Summary and Contributions: The authors explore optimal, efficient neural codes based on Fisher information of a one-dimensional stimulus. The goal of the paper was to build a general framework to help discover what objective functions neural codes might be optimal for (rather than requiring a hand-selected value).
Strengths: The motivations and setup were well-defined, and much of the theory was well-grounded. In particular, it's a compelling notion to discover what neural codes are doing rather than looking for specific pre-defined optimalities. The generality of the framework may be of interest to those in the NeurIPS community studying neural coding.

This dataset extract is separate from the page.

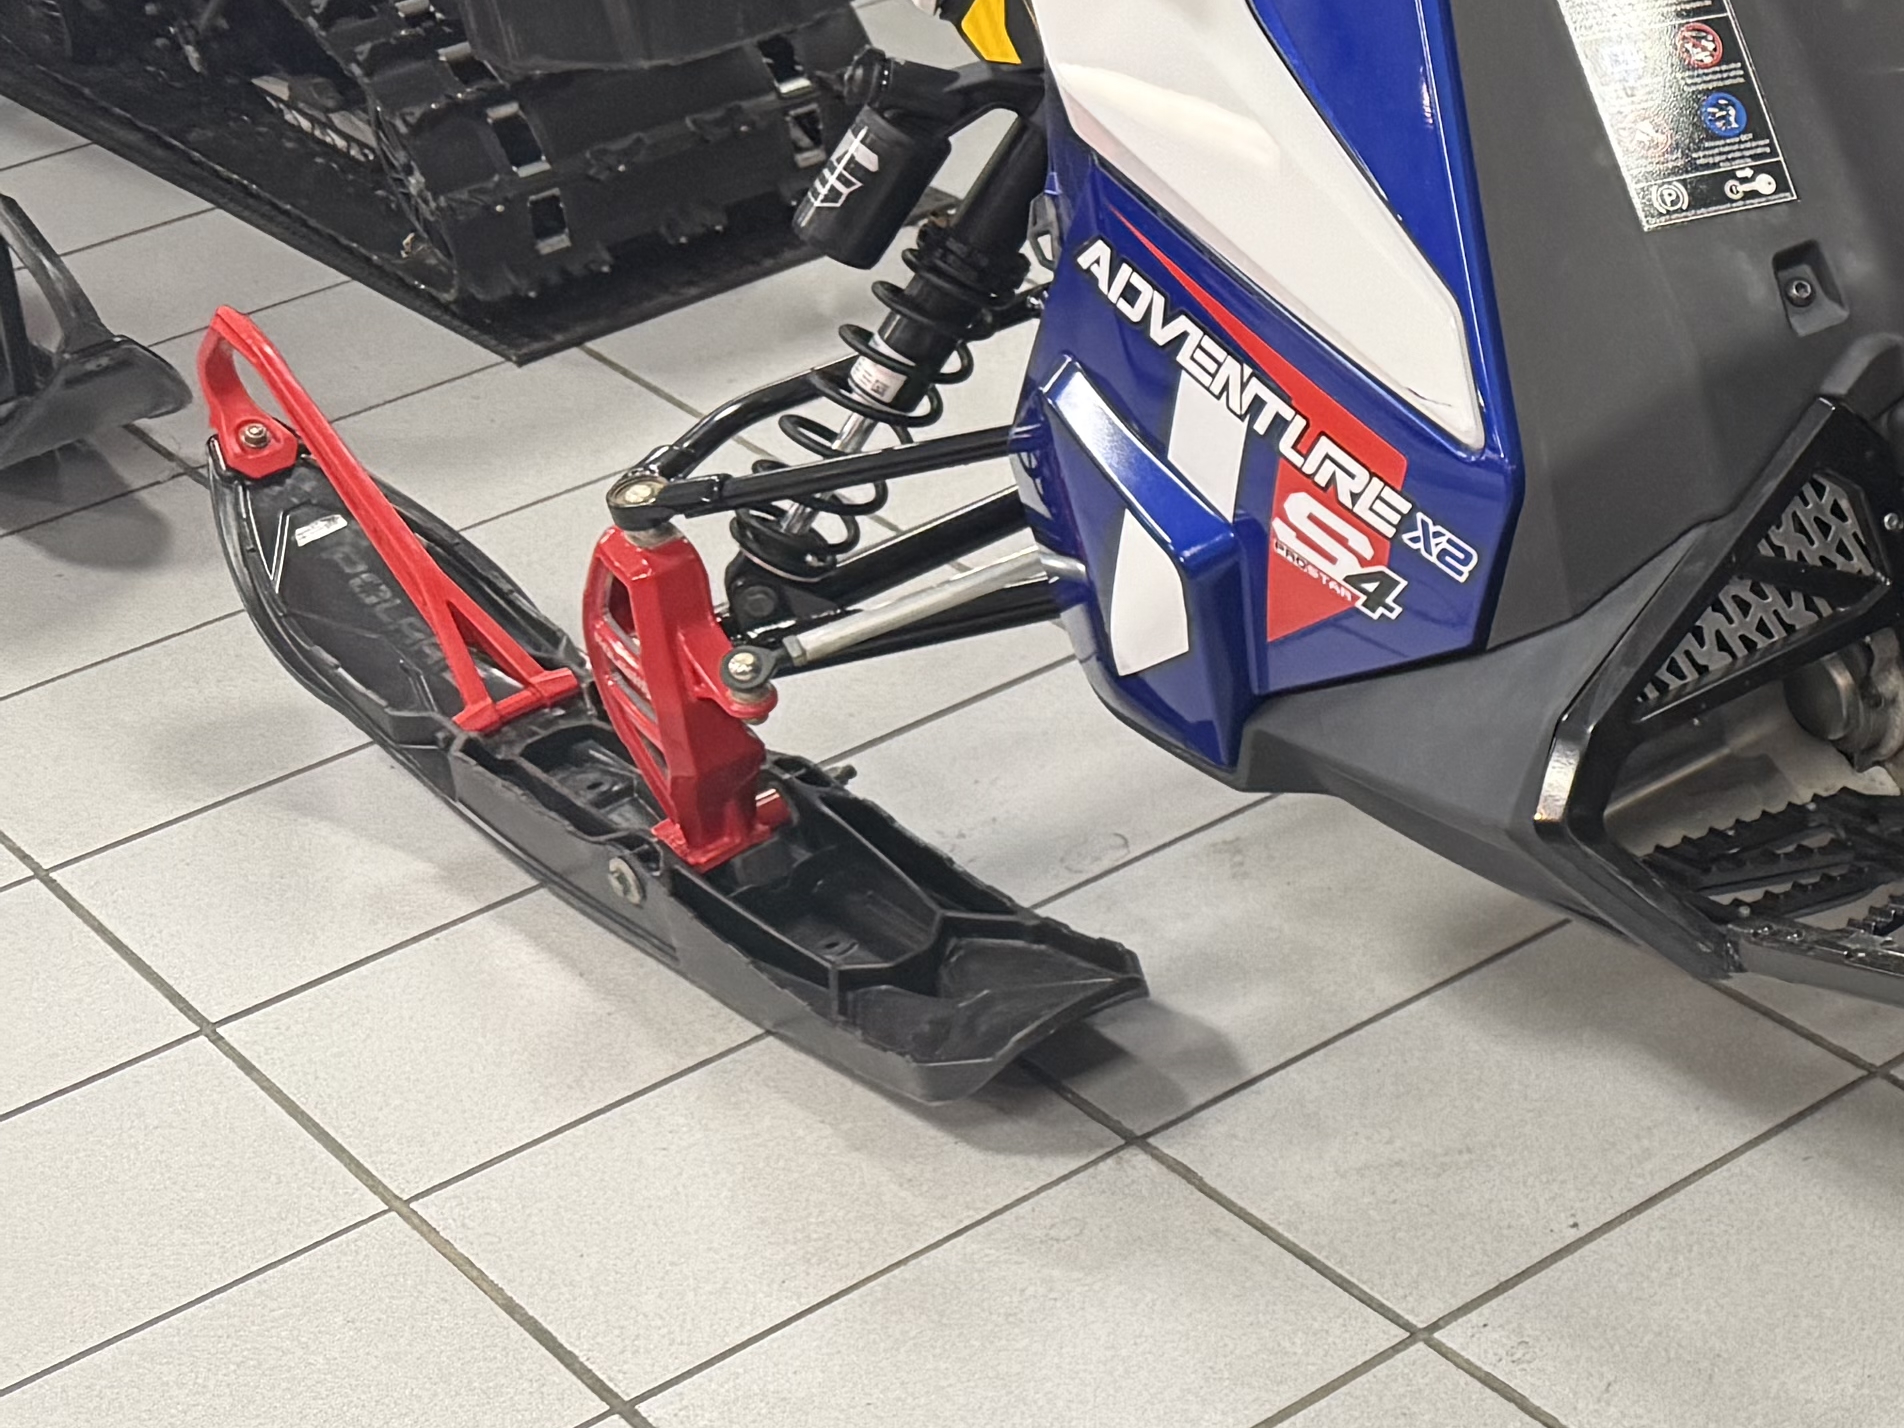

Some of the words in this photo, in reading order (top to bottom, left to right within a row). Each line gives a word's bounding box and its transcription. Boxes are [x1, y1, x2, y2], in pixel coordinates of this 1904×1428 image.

[1075, 238, 1413, 540] ADVENTURE
[1401, 510, 1480, 584] X2
[1272, 539, 1354, 603] PROSTAR

Weaknesses: Unfortunately, I found much of the results and methods difficult to follow. In particular, the instructions for applying this methodology to real data was not obvious (sections 2.4-2.5) and lacked a concrete example. For example, how would perform the fixed-point search on line 255? (and when does such a distribution exist?) If this requires a parametric assumption, is in the Poisson case in section 2.5, what is gained by the general framework that does not require these assumptions (line 106-109)? UPDATE: The authors' response has helped clarify some of my questions about the fixed point approach and the modeling assumptions.
Correctness: The approach and methodology used is appropriate and appears correct.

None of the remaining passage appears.